Il y a deux siècles que Halley a indiqué les causes générales de cette circulation atmosphérique : d’une part, l’action de la chaleur solaire qui, en dilatant l’air des tropiques, provoque un échange continuel entre l’équateur et les pôles ; de l’autre, la rotation de la terre, qui fait dériver vers l’ouest les courans qui vont des pôles à l’équateur, et vers l’est les courans de retour. Cette déviation des vents, que l’on peut considérer comme une preuve tangible de la rotation de la terre, est la conséquence de l’inégalité des vitesses absolues des différens parallèles : un point situé sous l’équateur est emporté dans la direction de l’est avec une vitesse de 1,660 kilomètres à l’heure, tandis qu’à la latitude de 60 degrés (latitude de Saint-Pétersbourg) la vitesse de rotation n’est que de 830 kilomètres, et il en résulte que l’air qui arrive des hautes latitudes, animé d’une vitesse de rotation relativement faible, reste en arrière et dérive vers l’ouest, tandis que celui qui reflue de l’équateur vers les cercles polaires est toujours en avance sur les parallèles qu’il traverse et dérive vers l’est. C’est ainsi que naissent les alizés, vents du nord-est pour notre hémisphère et venus de sud-est pour l’hémisphère opposé, et souvent même vents d’est dans le voisinage de la zone des calmes qui les sépare. C’est encore ainsi que s’expliquent les contre-alizés, — vents de sud-ouest et de nord-ouest, — qui, descendus des hautes régions de l’atmosphère, soufflent à la surface du sol dans les latitudes tempérées.
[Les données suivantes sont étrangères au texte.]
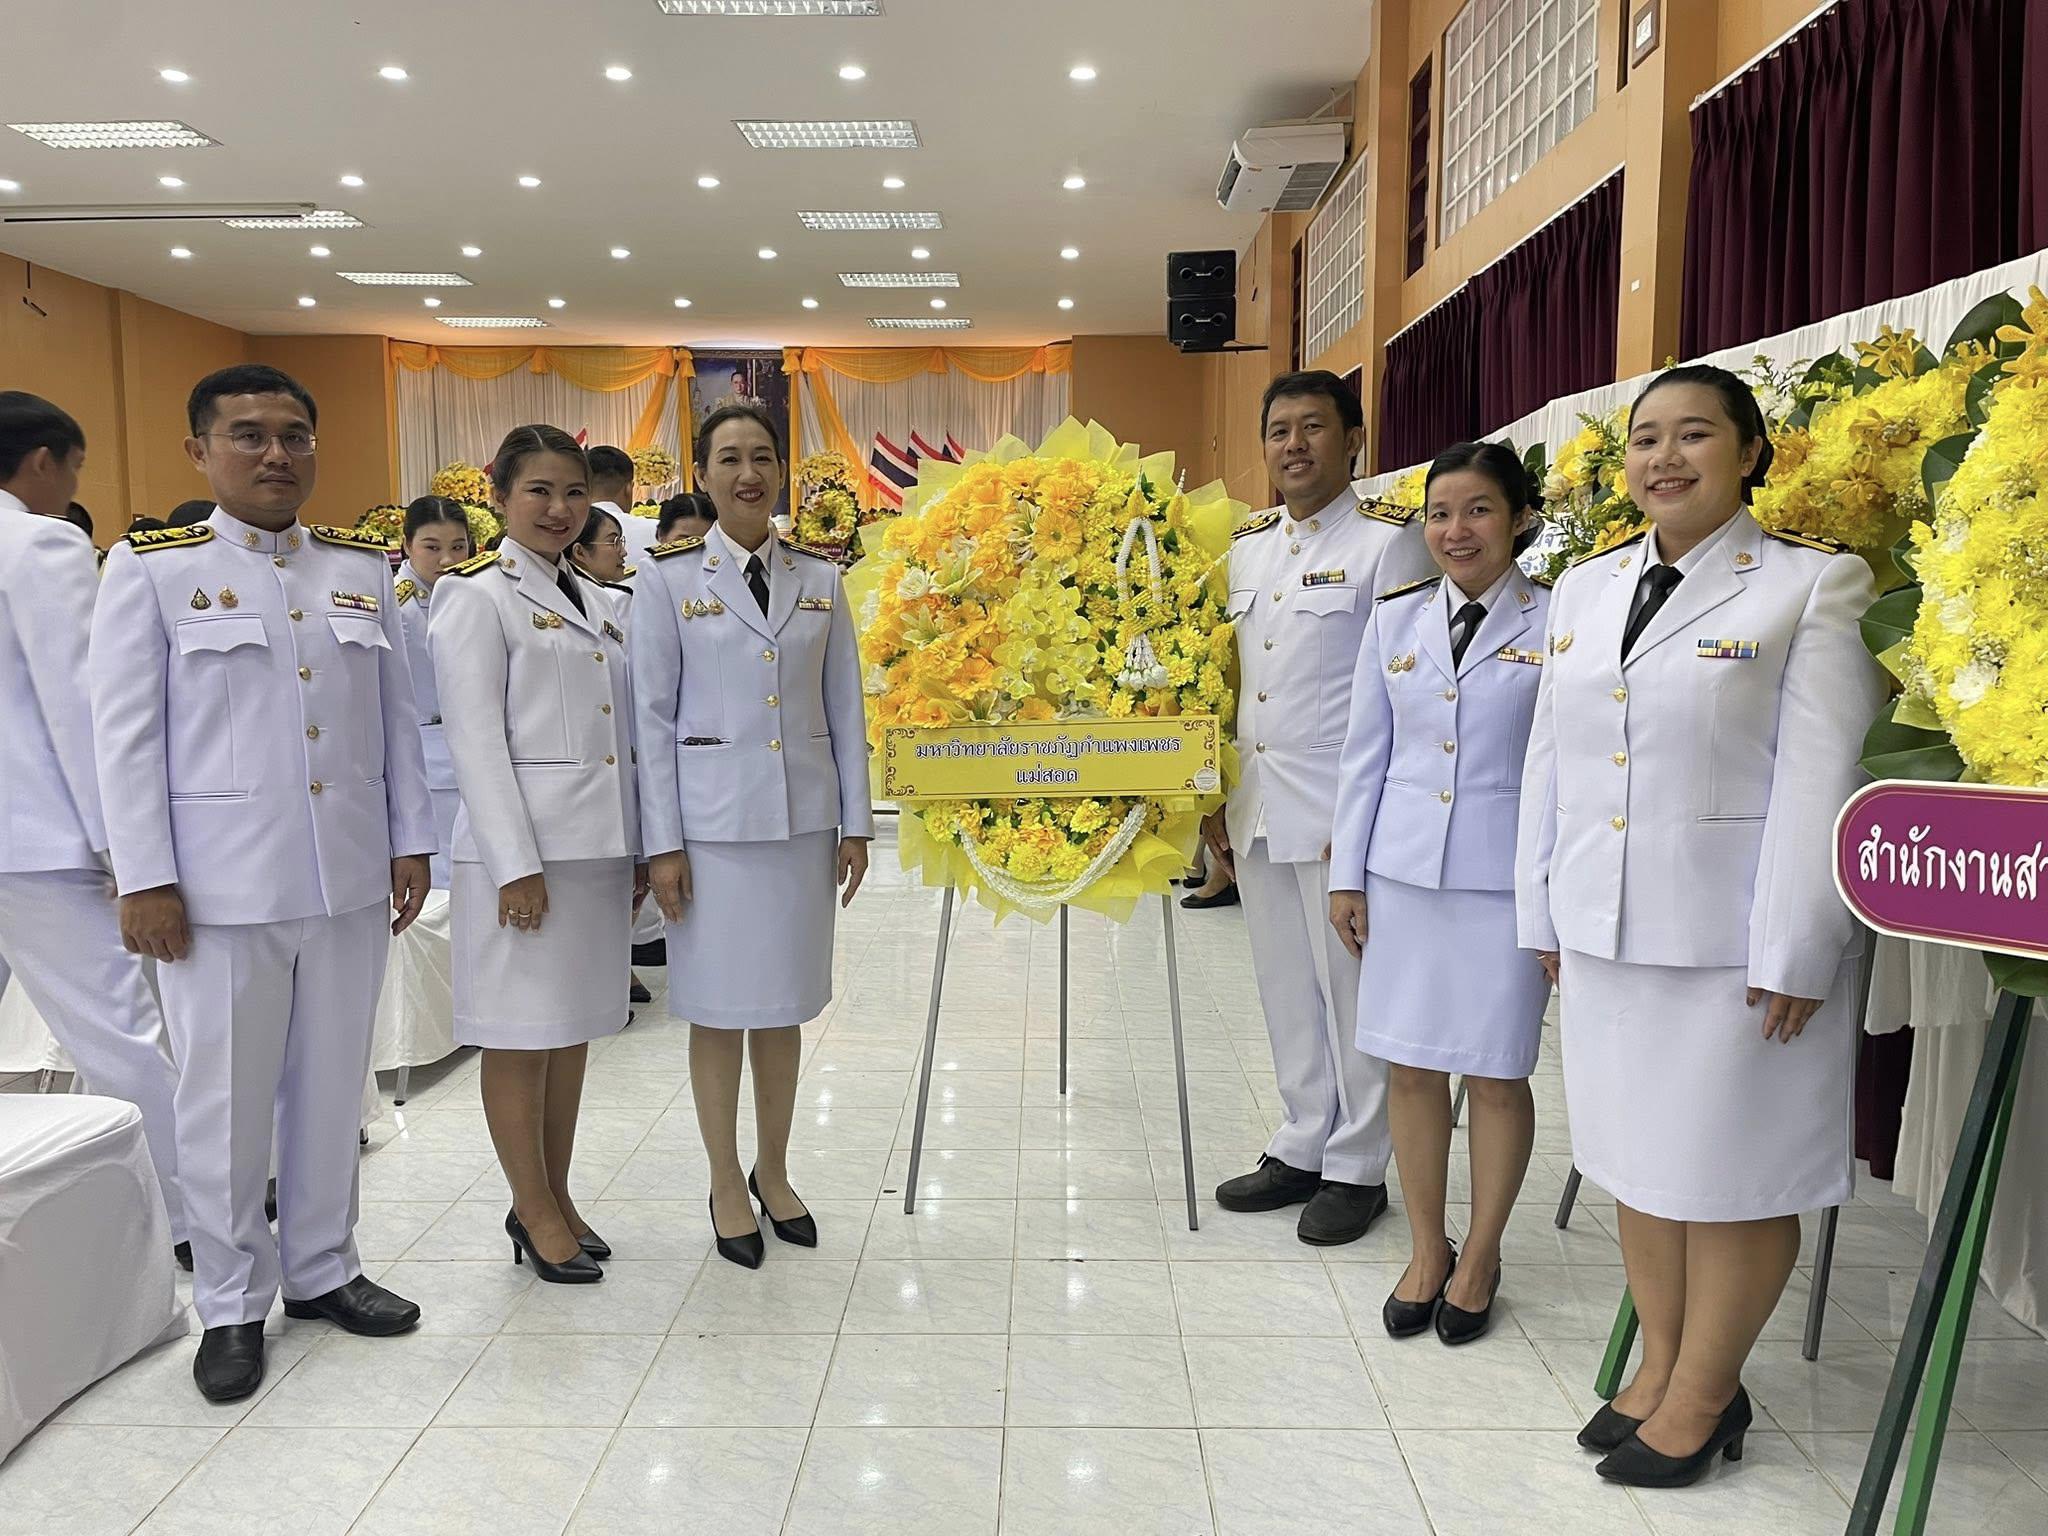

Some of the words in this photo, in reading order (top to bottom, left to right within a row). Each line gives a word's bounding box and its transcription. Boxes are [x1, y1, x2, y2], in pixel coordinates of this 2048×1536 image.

Mais comment se forment, sous l’influence du soleil tropical, ces deux systèmes de courans superposés ? La théorie qui a cours depuis Halley veut que la zone équatoriale, chauffée par les rayons solaires, joue le rôle d’un vaste foyer d’appel où s’élèvent incessamment des colonnes d’air raréfié qui se déverse ensuite au sud et au nord. C’est ainsi que le tirage qui s’établit dans une cheminée entraîne de bas en haut les masses d’air qui viennent s’y engouffrer. On sait aussi qu’en ouvrant une porte qui sépare une chambre chauffée d’une chambre froide, on détermine deux courans opposés, car, en bas, la flamme d’une bougie est entraînée vers la pièce chaude et en haut vers la pièce froide. On peut donc faire tous les jours une expérience qui réalise en petit le phénomène des courans contraires, et les physiciens s’en sont tenus à cette démonstration, qui semble sans réplique ; mais pourquoi n’a-t-on jamais constaté sous les tropiques ce mouvement ascensionnel de l’air dont on parle toujours comme d’un fait avéré ? Un météorologiste distingué, M. Tarry, a proposé d’étudier les courans ascendans à l’aide de girouettes d’une forme spéciale, semblables aux banderoles qui sont placées au haut des mâts ; M. Faye a fait observer à ce propos que les flammes d’ordre ou d’armement de nos navires auraient déjà fait reconnaître cent fois de tels courans s’ils existaient.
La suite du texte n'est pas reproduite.